DIRECTIONS FOR THIS TASK: What is needed is a word-for-word copy of all the entries, minus the pictures.

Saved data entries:
::::

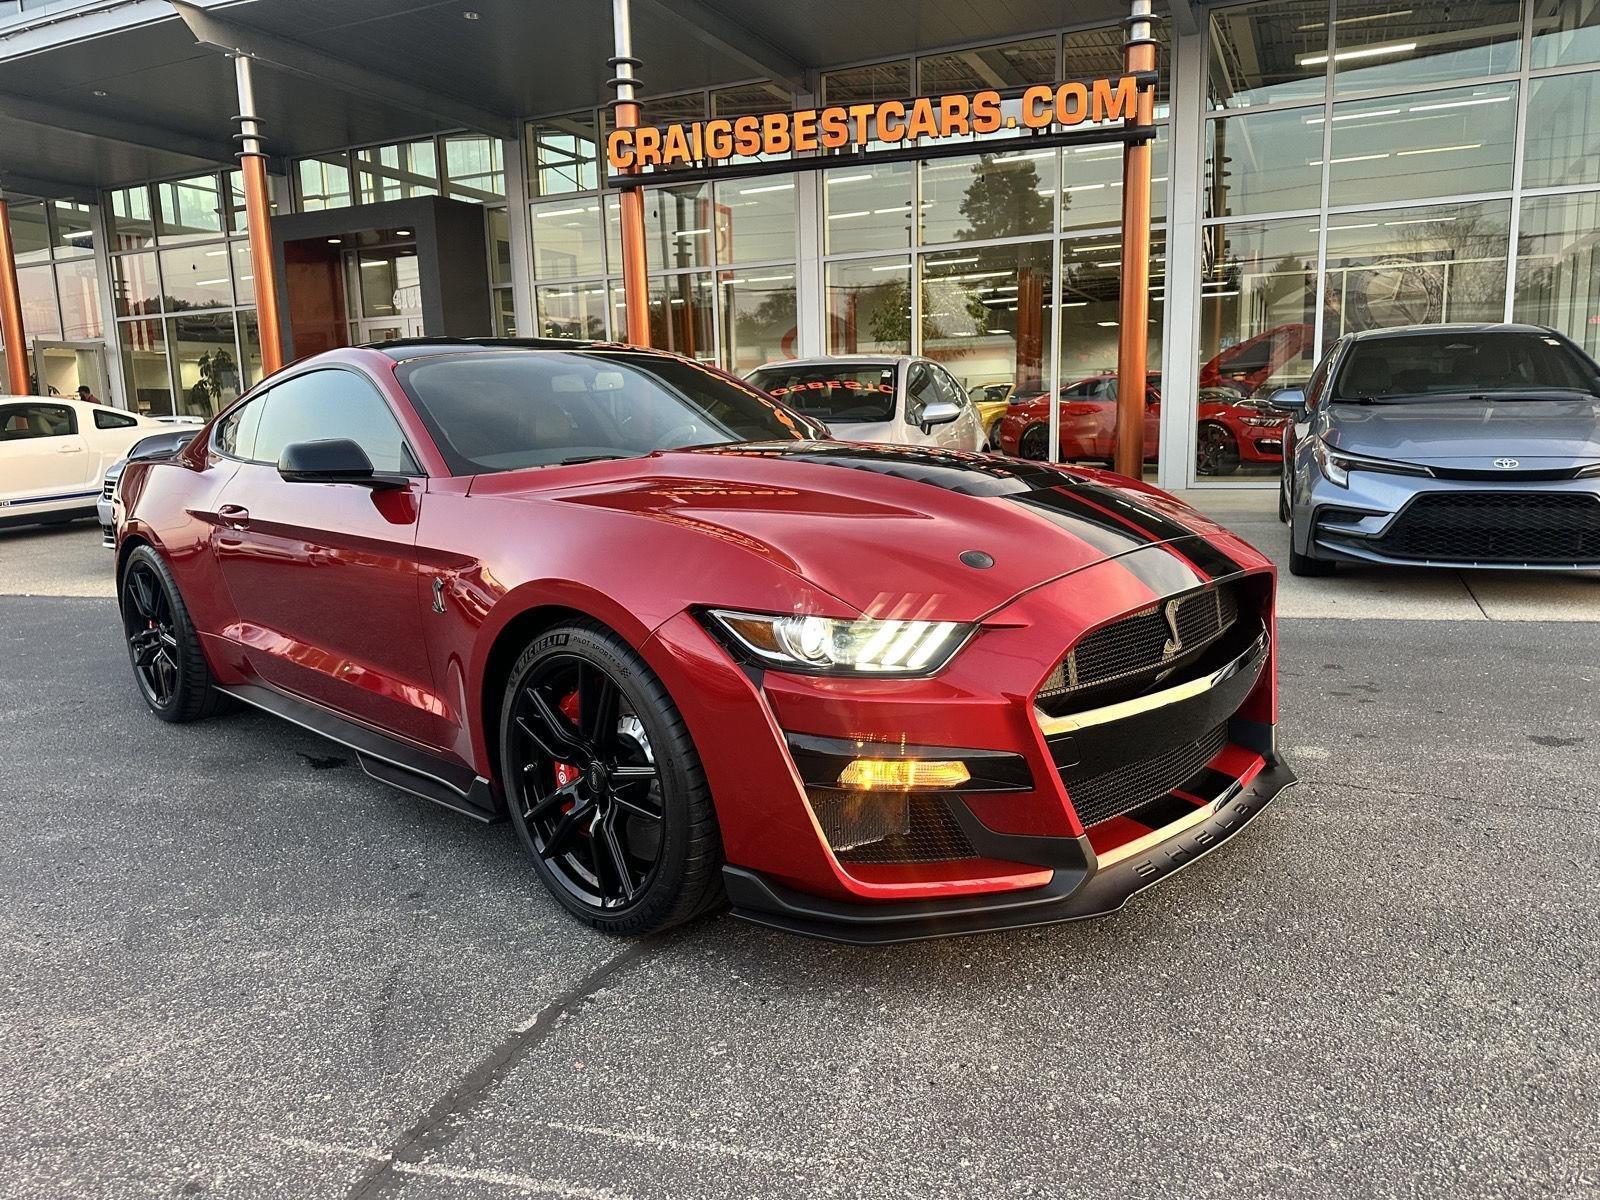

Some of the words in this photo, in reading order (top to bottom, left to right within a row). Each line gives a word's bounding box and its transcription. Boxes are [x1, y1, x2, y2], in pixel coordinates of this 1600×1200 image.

[607, 76, 1138, 169] CRAIGSBESTCARS.COM
[517, 633, 568, 672] MICHELIN
[573, 636, 591, 646] PILOT
[591, 643, 613, 660] SPORT
[1132, 788, 1263, 878] SHELBY

::::

EXERCISE SOLUTION:
Some of the words in this photo, in reading order (top to bottom, left to right within a row). Each line gives a word's bounding box and its transcription. Boxes are [x1, y1, x2, y2], in pixel coordinates of this 1600×1200 image.

[607, 76, 1138, 169] CRAIGSBESTCARS.COM
[517, 633, 568, 672] MICHELIN
[573, 636, 591, 646] PILOT
[591, 643, 613, 660] SPORT
[1132, 788, 1263, 878] SHELBY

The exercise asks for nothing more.